Está bien documentado que las cactáceas tienen ciclos de vida muy largos con tasas de crecimiento lentos y alta especificidad ambiental (Téllez-Román et al., 2017); sin embargo en esta investigación se obtuvieron plántulas de E. platyacanthus con tallas más grandes que los controles, triplicando su altura, quintuplicándo su diámetro y aumentando 18 veces más su biomasa fresca en un lapso de 42 días de cultivo. Cabe mencionar que todos los explantes generaron raíces; incluso los que estuvieron creciendo en MS basal sin reguladores de crecimiento, lo cual suele presentarse en varias especies de cactáceas pero en un desarrollo posterior de estas, puede haber diferencias en la morfología o en la frecuencia de enraizamiento en las raíces desarrolladas con auxinas (Clayton et al, 1990), por lo que este protocolo de crecimiento in vitro, representa una alternativa biotecnológica para la especie en estudio.
Conclusiones
Se obtuvieron altos porcentajes de germinación in vitro y ex vitro para Echinocactus platyacanthus, 70% en MS a la mitad de su concentración original, 60% en tierra negra y 46% en una mezcla de tierra negra+agrolita, después de 28 días de la siembra de la semilla.

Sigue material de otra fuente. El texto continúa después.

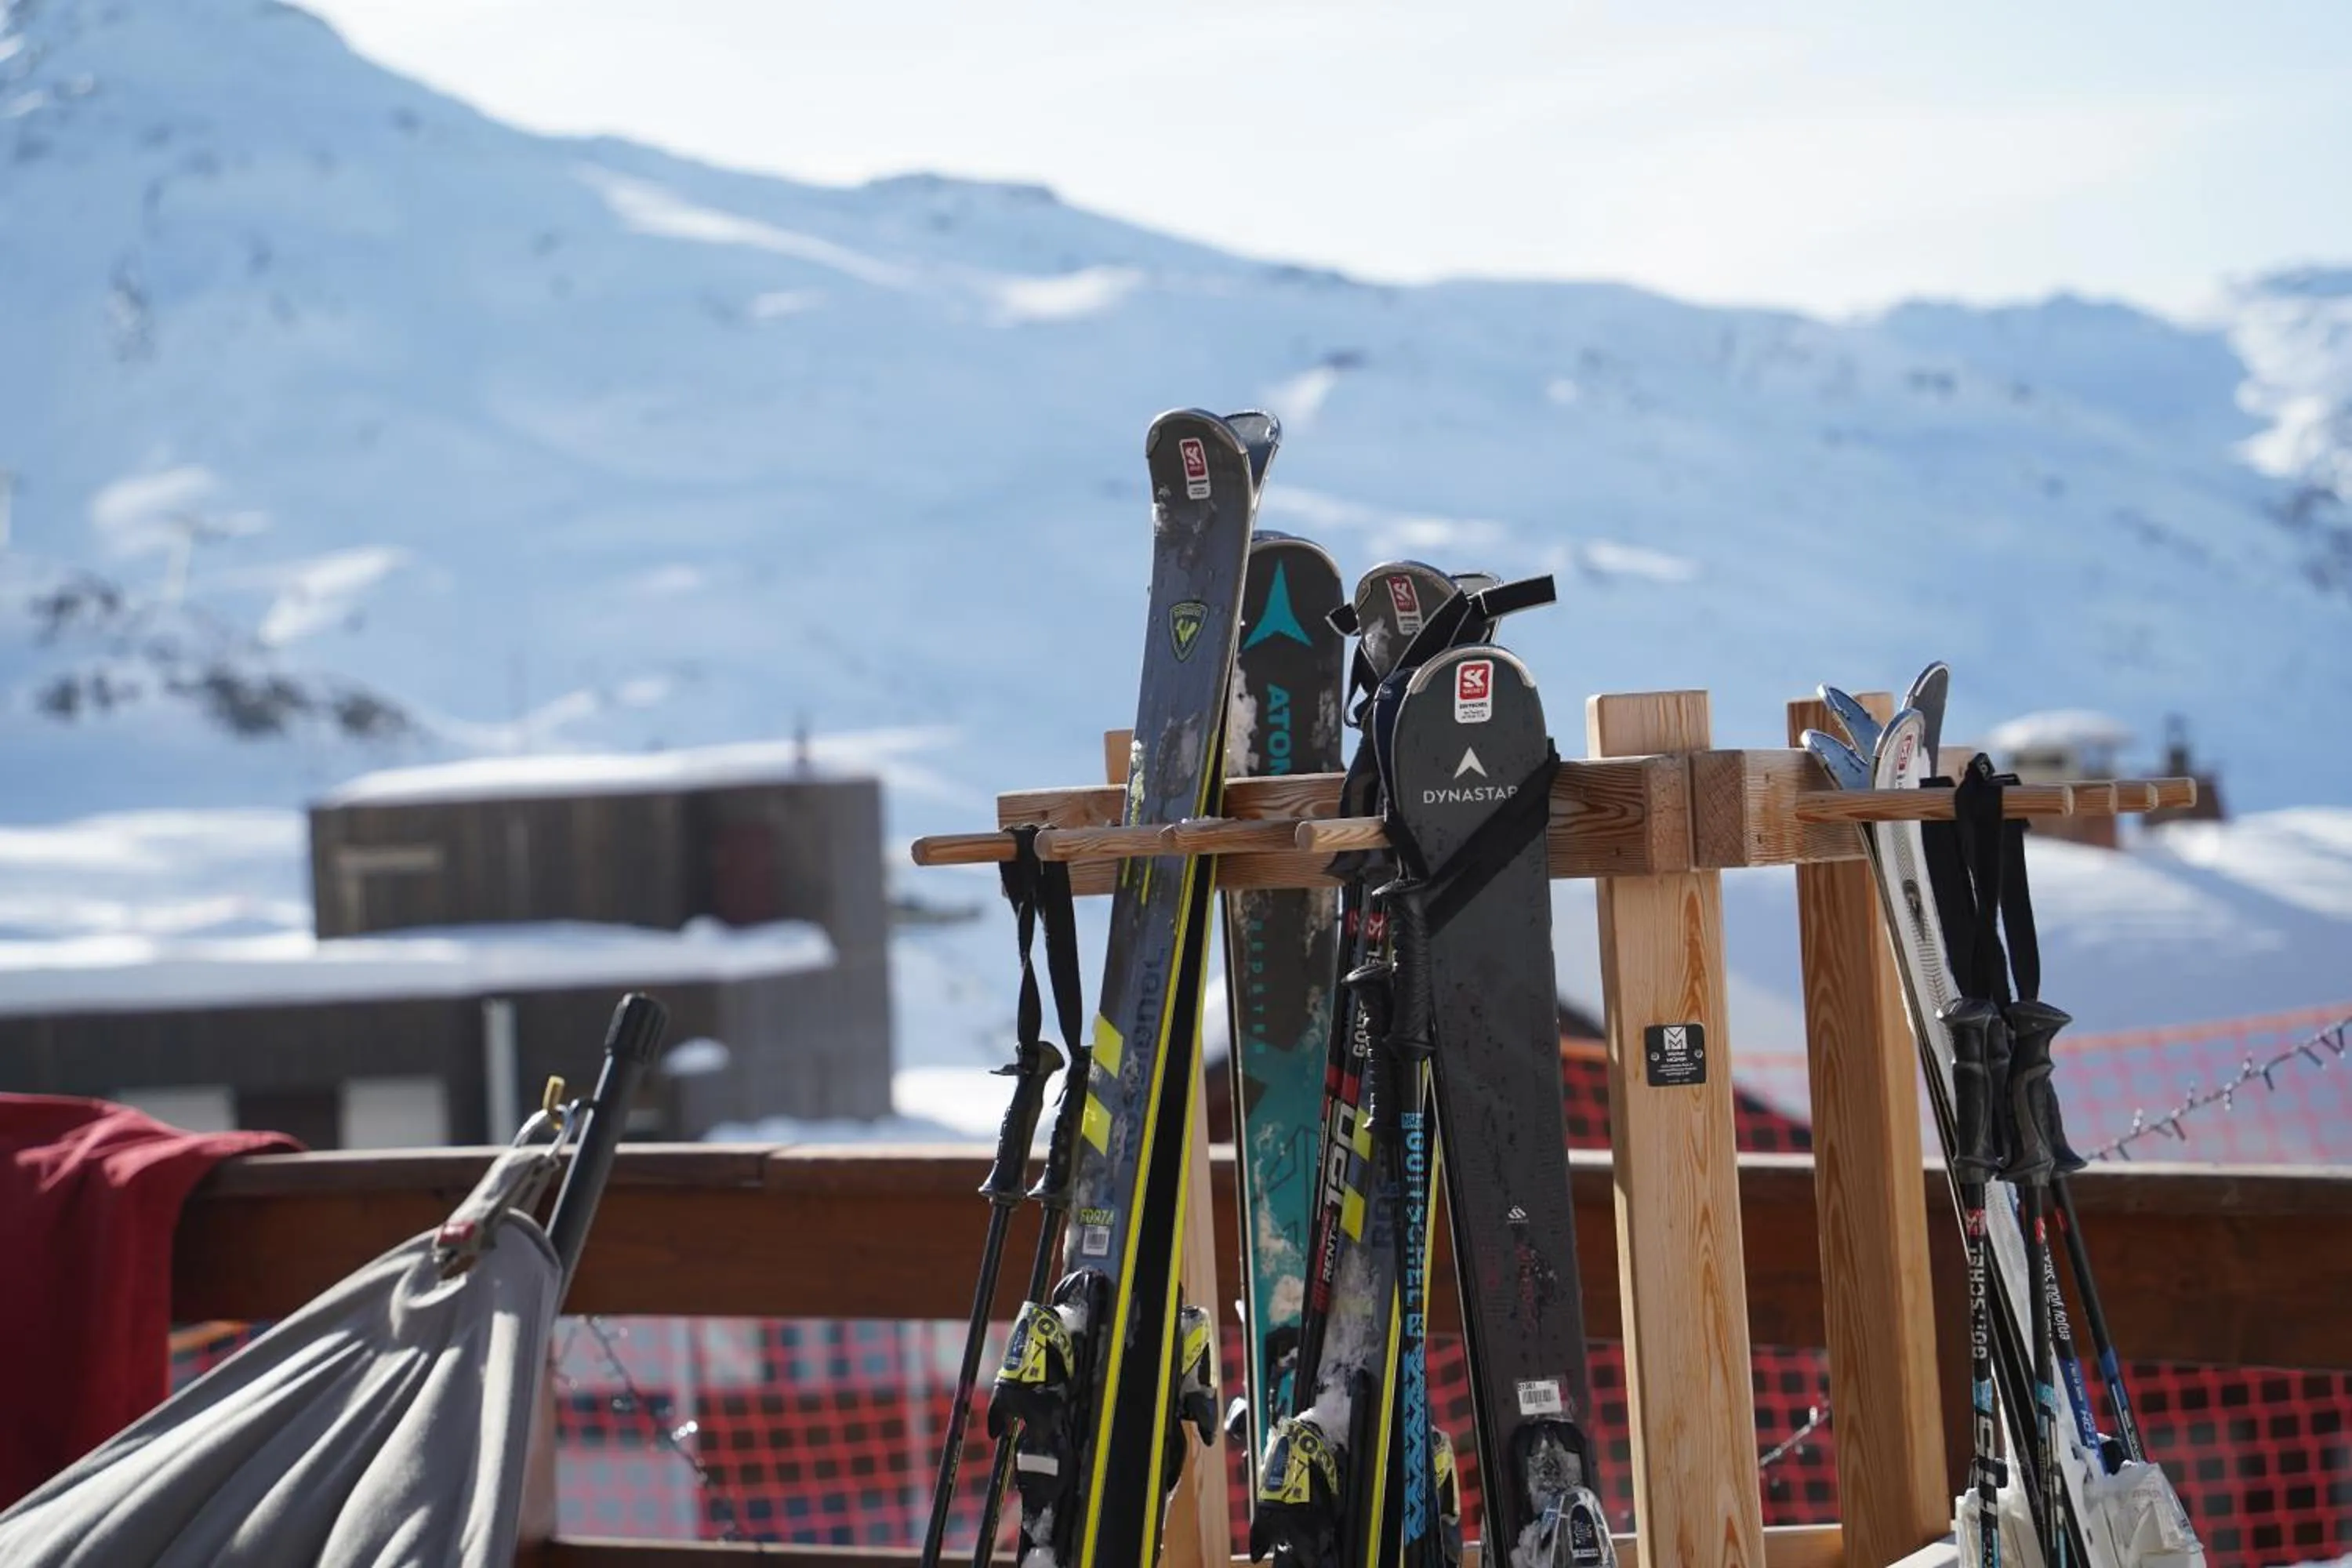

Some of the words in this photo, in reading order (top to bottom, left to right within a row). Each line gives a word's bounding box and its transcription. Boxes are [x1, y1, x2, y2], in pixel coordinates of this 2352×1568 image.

El uso de la citocinina BAP en concentraciones de 0.5 mgL-1 y de la auxina ANA en concentraciones de 5 mgL-1 de manera aisladas o combinadas en cultivos in vitro aceleraron el crecimiento de los explantes apicales y basales, obteniendo plántulas vigorosas con tallas de hasta 1.8 cm de altura y 2.25 cm de diámetro, con un peso fresco de 2.3 g en un lapso de 70 días de cultivo después de la siembra de las semillas.

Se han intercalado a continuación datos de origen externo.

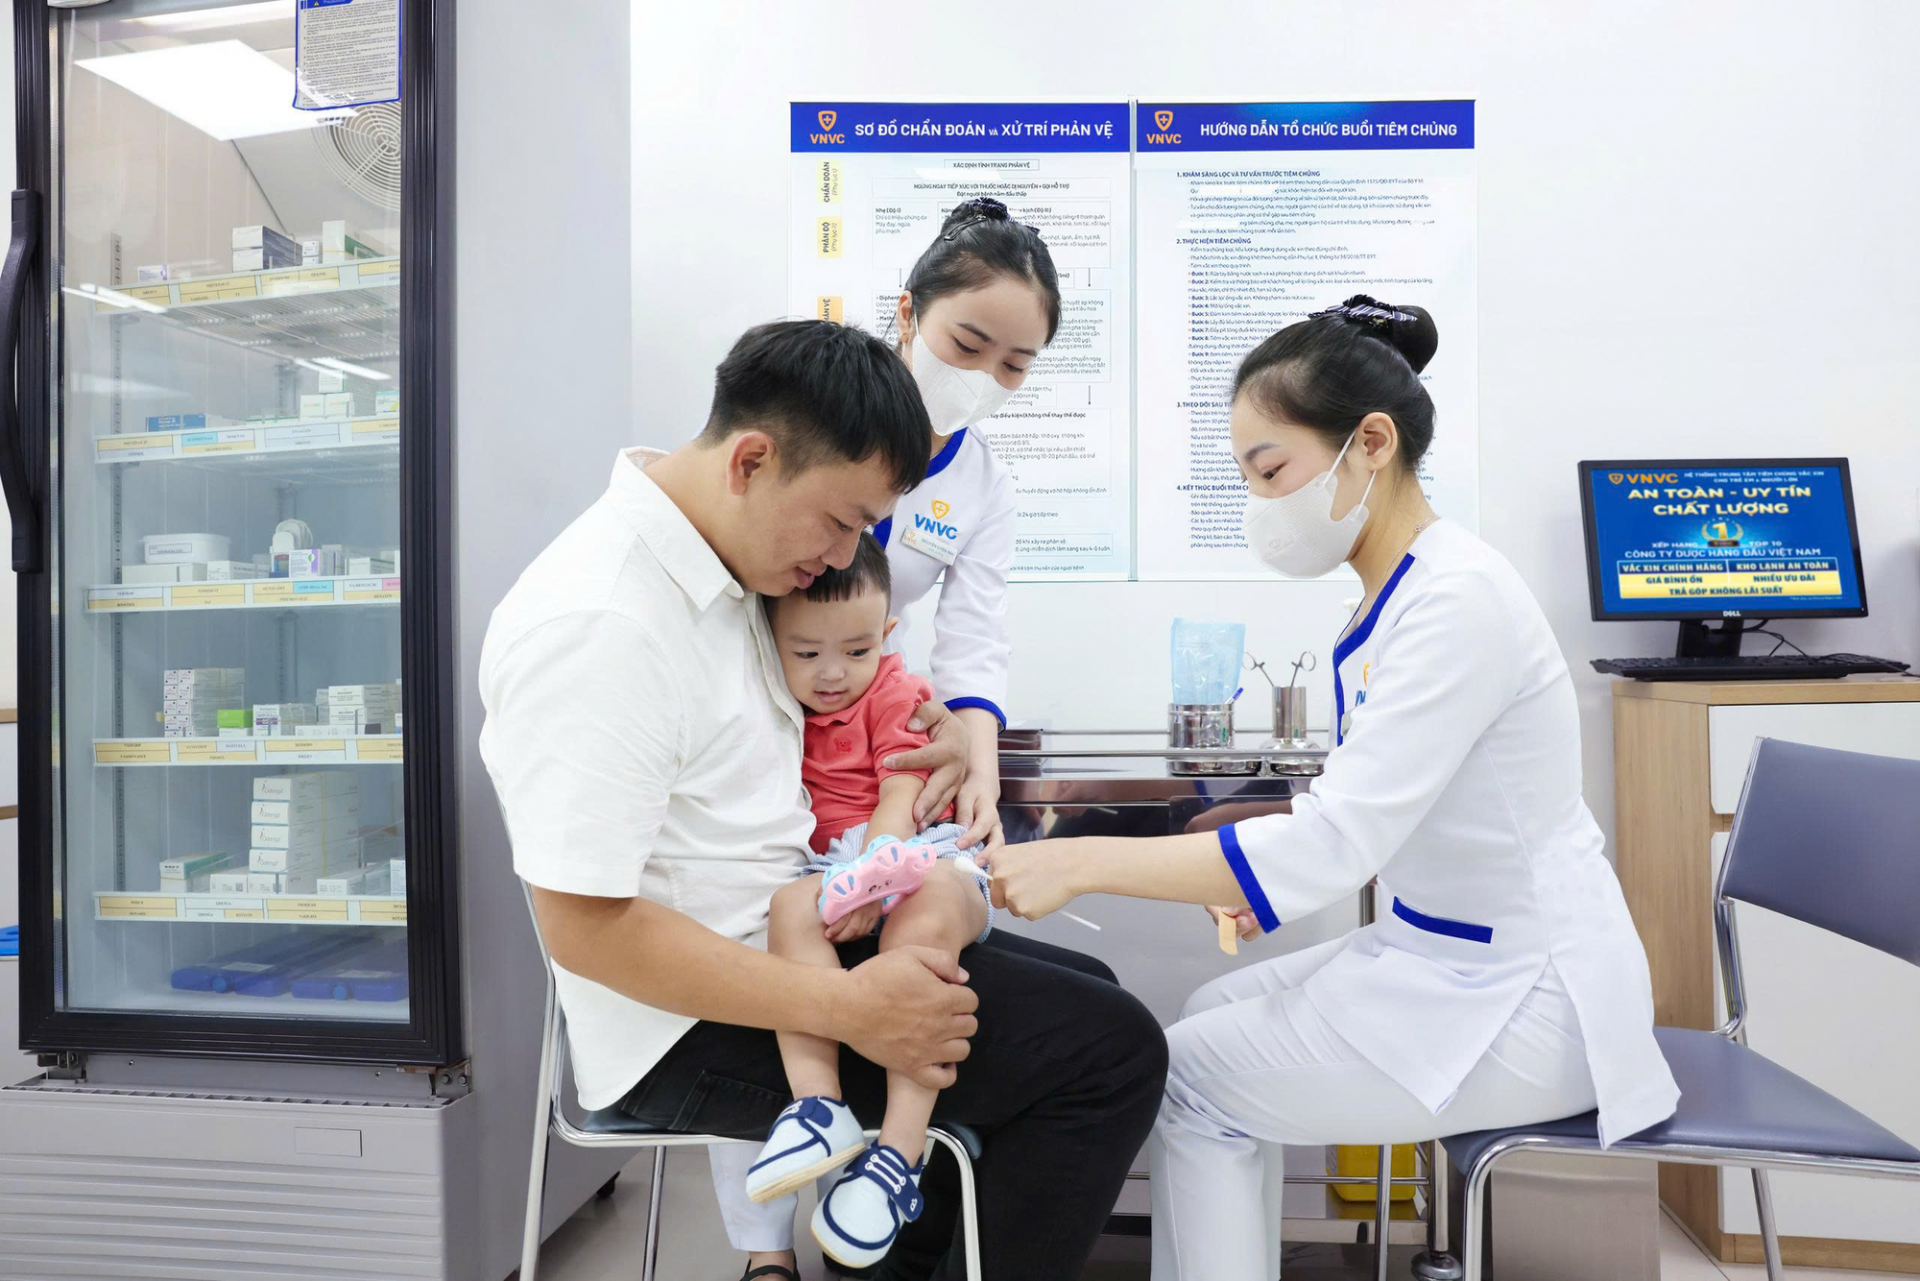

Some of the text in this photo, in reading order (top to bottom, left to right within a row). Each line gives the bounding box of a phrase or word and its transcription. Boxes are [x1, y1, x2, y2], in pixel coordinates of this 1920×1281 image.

[855, 122, 875, 136] SƠ
[877, 118, 898, 136] ĐỒ
[900, 119, 941, 136] CHẨN
[944, 120, 985, 136] ĐOÁN
[1001, 120, 1023, 136] XỬ
[1025, 120, 1048, 136] TRÍ
[1050, 120, 1091, 136] PHẢN
[1094, 121, 1113, 139] VỆ
[1200, 119, 1458, 136] HƯỚNG DẪN TỔ CHỨC BUỔI TIÊM CHỦNG
[810, 133, 845, 144] VNVC
[1146, 133, 1182, 144] VNVC
[1183, 170, 1200, 178] KHÁM
[1201, 170, 1218, 178] SÀNG
[1219, 171, 1230, 179] LỌC
[1231, 170, 1240, 178] VÀ
[1249, 169, 1262, 178] VẤN
[1262, 170, 1282, 178] TRƯỚC
[1284, 170, 1298, 178] TIÊM
[1299, 169, 1320, 177] CHỦNG
[821, 161, 830, 203] CHẨN ĐOÁN
[822, 222, 830, 253] PHÂN ĐỘ
[1230, 237, 1252, 245] CHỦNG
[1626, 473, 1679, 484] VNVC
[1628, 489, 1659, 499] AN
[1664, 486, 1724, 499] TOÀN
[1743, 487, 1772, 498] UY
[1776, 484, 1812, 497] TÍN
[1653, 500, 1789, 517] CHẤT LƯỢNG
[914, 513, 959, 540] VNVC
[1712, 522, 1728, 540] 1
[1624, 547, 1821, 559] CÔNG TY DƯỢC HÀNG ĐẦU VIỆT NAM
[1622, 563, 1641, 572] VẮC
[1662, 563, 1694, 571] CHÍNH
[1696, 563, 1724, 571] HÃNG
[1759, 562, 1786, 571] LẠNH
[1788, 562, 1801, 570] AN
[1804, 561, 1830, 569] TOÀN
[1646, 575, 1703, 584] GIÁ BÌNH ỔN
[1753, 573, 1816, 583] NHIỀU ƯU ĐÃI
[1669, 586, 1782, 596] TRẢ GÓP KHÔNG LÃI SUẤT

La combinación de los protocolos de germinación y crecimiento in vitro, ofrecen una alternativa para la obtención de plántulas vigorosas para su posterior establecimiento en invernadero y su futuro aprovechamiento en la elaboración de acitrón de manera sustentable, contribuyendo así, a la protección de sus poblaciones in situ.